REQUIRED ACTION =>
Restate each line below word for word, skipping every picture.

[ENTRIES SUPPLIED]

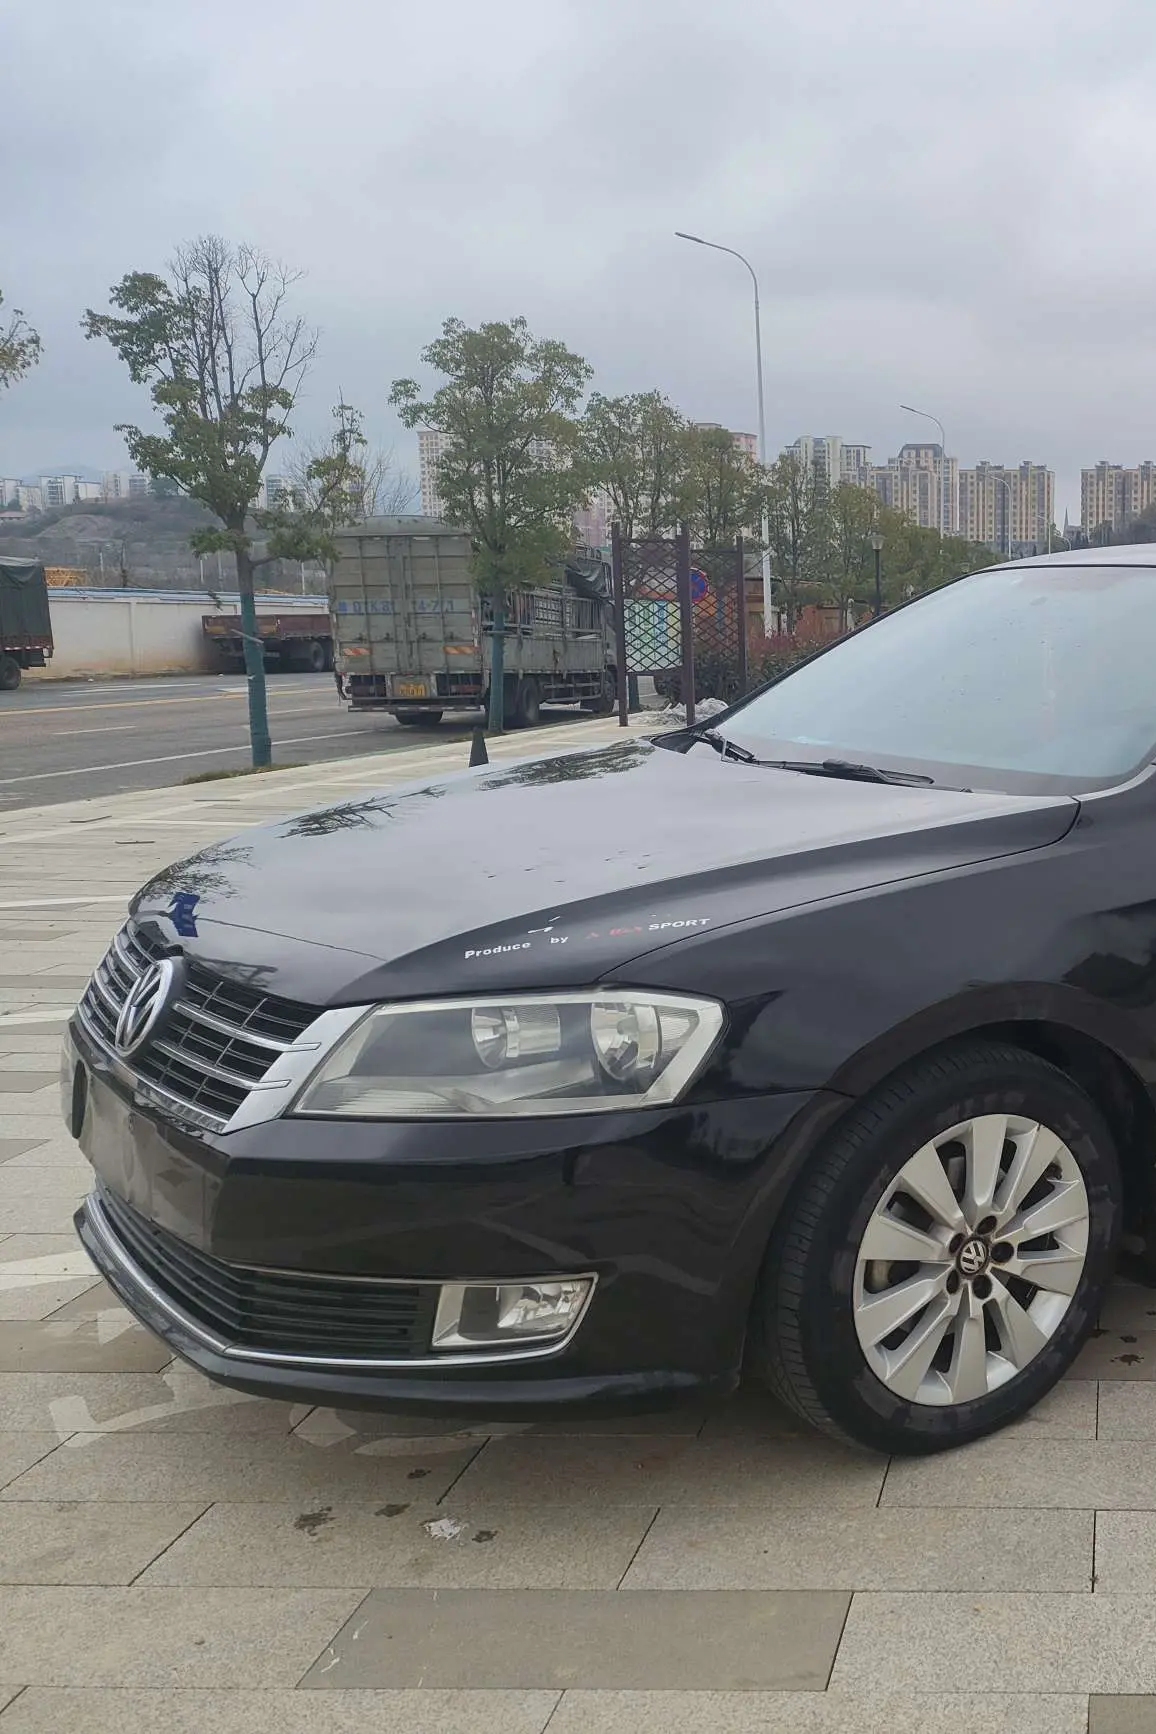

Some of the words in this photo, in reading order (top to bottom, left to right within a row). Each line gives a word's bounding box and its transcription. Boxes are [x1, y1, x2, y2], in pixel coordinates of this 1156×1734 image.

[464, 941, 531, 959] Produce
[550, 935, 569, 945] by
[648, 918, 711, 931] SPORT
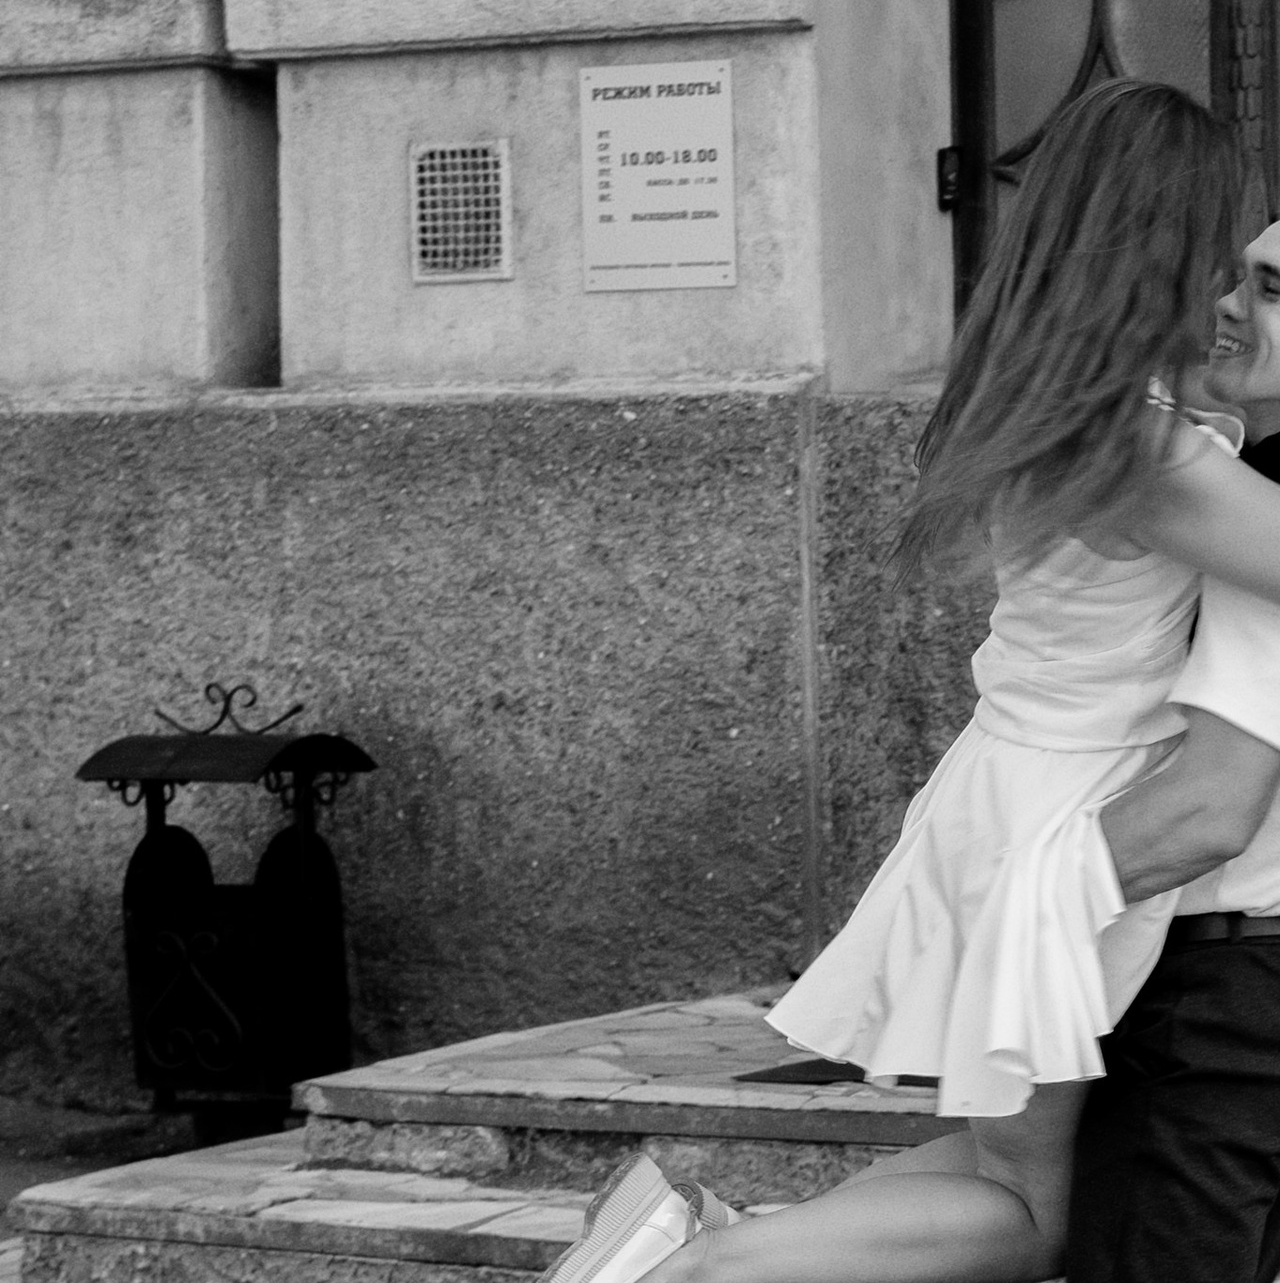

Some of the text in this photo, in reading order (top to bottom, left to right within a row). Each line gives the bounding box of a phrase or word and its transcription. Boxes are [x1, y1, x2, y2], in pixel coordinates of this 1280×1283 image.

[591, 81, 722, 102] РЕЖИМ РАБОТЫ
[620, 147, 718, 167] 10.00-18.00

[/ENTRIES SUPPLIED]

WRITTEN RESPONSE =>
Some of the words in this photo, in reading order (top to bottom, left to right within a row). Each line gives a word's bounding box and its transcription. Boxes are [x1, y1, x2, y2], in pixel coordinates of this 1156×1734 image.

[464, 941, 531, 959] Produce
[550, 935, 569, 945] by
[648, 918, 711, 931] SPORT

Some of the text in this photo, in reading order (top to bottom, left to right within a row). Each line gives the bounding box of a phrase or word and its transcription. Boxes are [x1, y1, x2, y2], in pixel coordinates of this 1280×1283 image.

[591, 81, 722, 102] РЕЖИМ РАБОТЫ
[620, 147, 718, 167] 10.00-18.00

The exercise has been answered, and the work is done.